Pemerintah melalui Kementerian Komunikasi dan Informatika (Kominfo) mau tidak mau harus melakukan percepatan analog switch off (ASO) atau penghentian siaran TV analog. Undang-Undang Cipta Kerja dalam ayat 2 pasal 60A menyebut migrasi penyiaran televisi analog ke teknologi digital dan penghentian siaran analog (analog switch off) diselesaikan paling lambat 2 (dua) tahun sejak mulai berlakunya UU tersebut. Tidak ada pilihan bagi Kementerian Kominfo untuk menunda lagi proses digitalisasi siaran TV. Imbasnya, Kementerian Kominfo dituntut melakukan sosialisasi dan mempersiapkan langkah-langkah migrasi ini agar amanah Undang Undang Ciptakerja tentang penghentian Siaran Analog sesuai dengan waktu yang ditetapkan.

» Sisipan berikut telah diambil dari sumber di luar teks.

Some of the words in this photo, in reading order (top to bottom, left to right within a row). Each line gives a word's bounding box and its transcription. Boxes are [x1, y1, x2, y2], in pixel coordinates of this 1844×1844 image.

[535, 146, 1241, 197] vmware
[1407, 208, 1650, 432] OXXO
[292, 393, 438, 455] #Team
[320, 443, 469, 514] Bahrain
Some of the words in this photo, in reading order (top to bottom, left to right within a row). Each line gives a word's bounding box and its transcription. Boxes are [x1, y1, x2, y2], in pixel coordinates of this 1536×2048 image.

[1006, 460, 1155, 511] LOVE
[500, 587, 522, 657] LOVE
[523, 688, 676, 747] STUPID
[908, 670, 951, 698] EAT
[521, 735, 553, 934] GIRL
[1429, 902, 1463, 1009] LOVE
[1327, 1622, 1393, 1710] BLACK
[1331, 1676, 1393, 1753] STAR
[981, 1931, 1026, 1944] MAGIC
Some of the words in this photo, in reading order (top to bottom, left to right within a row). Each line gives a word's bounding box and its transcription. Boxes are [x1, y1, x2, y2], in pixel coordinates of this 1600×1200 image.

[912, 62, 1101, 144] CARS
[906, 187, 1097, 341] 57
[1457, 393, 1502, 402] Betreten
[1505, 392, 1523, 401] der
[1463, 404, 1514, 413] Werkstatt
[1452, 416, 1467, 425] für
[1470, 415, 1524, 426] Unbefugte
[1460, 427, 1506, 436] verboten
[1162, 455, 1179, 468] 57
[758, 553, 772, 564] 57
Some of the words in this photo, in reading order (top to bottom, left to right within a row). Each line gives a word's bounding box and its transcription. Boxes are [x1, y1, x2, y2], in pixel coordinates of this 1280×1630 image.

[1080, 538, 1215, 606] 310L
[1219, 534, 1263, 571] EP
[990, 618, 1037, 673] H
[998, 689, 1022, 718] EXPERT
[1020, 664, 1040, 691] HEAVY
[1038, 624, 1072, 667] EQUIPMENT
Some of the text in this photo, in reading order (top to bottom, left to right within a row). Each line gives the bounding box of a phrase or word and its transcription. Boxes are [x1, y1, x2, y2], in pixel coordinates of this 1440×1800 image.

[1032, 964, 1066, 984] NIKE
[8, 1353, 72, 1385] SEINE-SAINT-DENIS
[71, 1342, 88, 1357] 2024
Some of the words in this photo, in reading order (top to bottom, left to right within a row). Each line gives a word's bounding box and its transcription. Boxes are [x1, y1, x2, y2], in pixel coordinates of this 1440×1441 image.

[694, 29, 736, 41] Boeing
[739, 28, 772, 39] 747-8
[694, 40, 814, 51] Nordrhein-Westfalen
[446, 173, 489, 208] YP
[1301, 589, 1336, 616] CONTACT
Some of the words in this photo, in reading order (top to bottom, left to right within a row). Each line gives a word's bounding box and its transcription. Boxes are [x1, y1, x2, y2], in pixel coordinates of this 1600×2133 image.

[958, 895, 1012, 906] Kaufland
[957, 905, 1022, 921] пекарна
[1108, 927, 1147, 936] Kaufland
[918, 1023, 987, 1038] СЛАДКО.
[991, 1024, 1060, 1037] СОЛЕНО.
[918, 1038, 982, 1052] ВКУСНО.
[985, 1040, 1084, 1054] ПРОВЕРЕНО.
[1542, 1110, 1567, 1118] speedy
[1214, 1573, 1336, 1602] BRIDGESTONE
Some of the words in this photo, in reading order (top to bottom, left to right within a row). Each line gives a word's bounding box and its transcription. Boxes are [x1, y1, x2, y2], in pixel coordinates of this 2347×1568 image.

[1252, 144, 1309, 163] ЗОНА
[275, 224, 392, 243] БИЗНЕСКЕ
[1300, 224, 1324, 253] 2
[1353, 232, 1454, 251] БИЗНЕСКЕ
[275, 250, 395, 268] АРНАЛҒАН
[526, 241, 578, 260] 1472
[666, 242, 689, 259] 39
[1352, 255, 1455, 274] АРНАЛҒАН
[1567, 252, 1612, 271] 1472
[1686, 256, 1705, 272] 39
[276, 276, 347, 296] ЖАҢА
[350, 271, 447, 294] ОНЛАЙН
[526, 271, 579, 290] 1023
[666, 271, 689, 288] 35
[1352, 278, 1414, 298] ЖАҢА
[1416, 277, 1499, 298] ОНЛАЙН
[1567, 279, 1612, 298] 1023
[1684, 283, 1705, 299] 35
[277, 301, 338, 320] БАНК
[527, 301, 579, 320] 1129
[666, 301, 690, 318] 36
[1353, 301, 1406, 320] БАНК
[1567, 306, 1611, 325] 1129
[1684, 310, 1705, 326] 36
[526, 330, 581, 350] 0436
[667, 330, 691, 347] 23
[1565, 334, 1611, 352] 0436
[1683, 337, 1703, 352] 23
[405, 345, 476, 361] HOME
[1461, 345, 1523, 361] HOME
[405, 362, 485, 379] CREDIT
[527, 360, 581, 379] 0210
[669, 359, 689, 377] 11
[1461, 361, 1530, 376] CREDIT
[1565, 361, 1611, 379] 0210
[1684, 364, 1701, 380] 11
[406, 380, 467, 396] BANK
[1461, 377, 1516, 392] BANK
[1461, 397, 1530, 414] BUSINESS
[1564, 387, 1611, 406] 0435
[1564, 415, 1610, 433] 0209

Kalau melihat petunjuk teknis implementasi migrasi siaran televisi teresterial dari analog ke digital yang diatur melalui Peraturan Menteri Kominfo Nomor 6 Tahun 2021 tentang Penyelenggaraan Penyiaran, Kementerianb Kominfo memang tidak punya waktu banyak. Proses migrasi ini dilakukan secara bertahap. Tahap awal bakal terlaksana mulai 17 Agustus 2021, kemudian tahap kedua ada pada bulan Desember 2021. Lalu tahap ketiga paling lambat 31 Maret 2022, selanjutnya direncanakan berlangsung 17 Agustus 2022 dan tahap terakhir berlangsung pada 2 November 2022.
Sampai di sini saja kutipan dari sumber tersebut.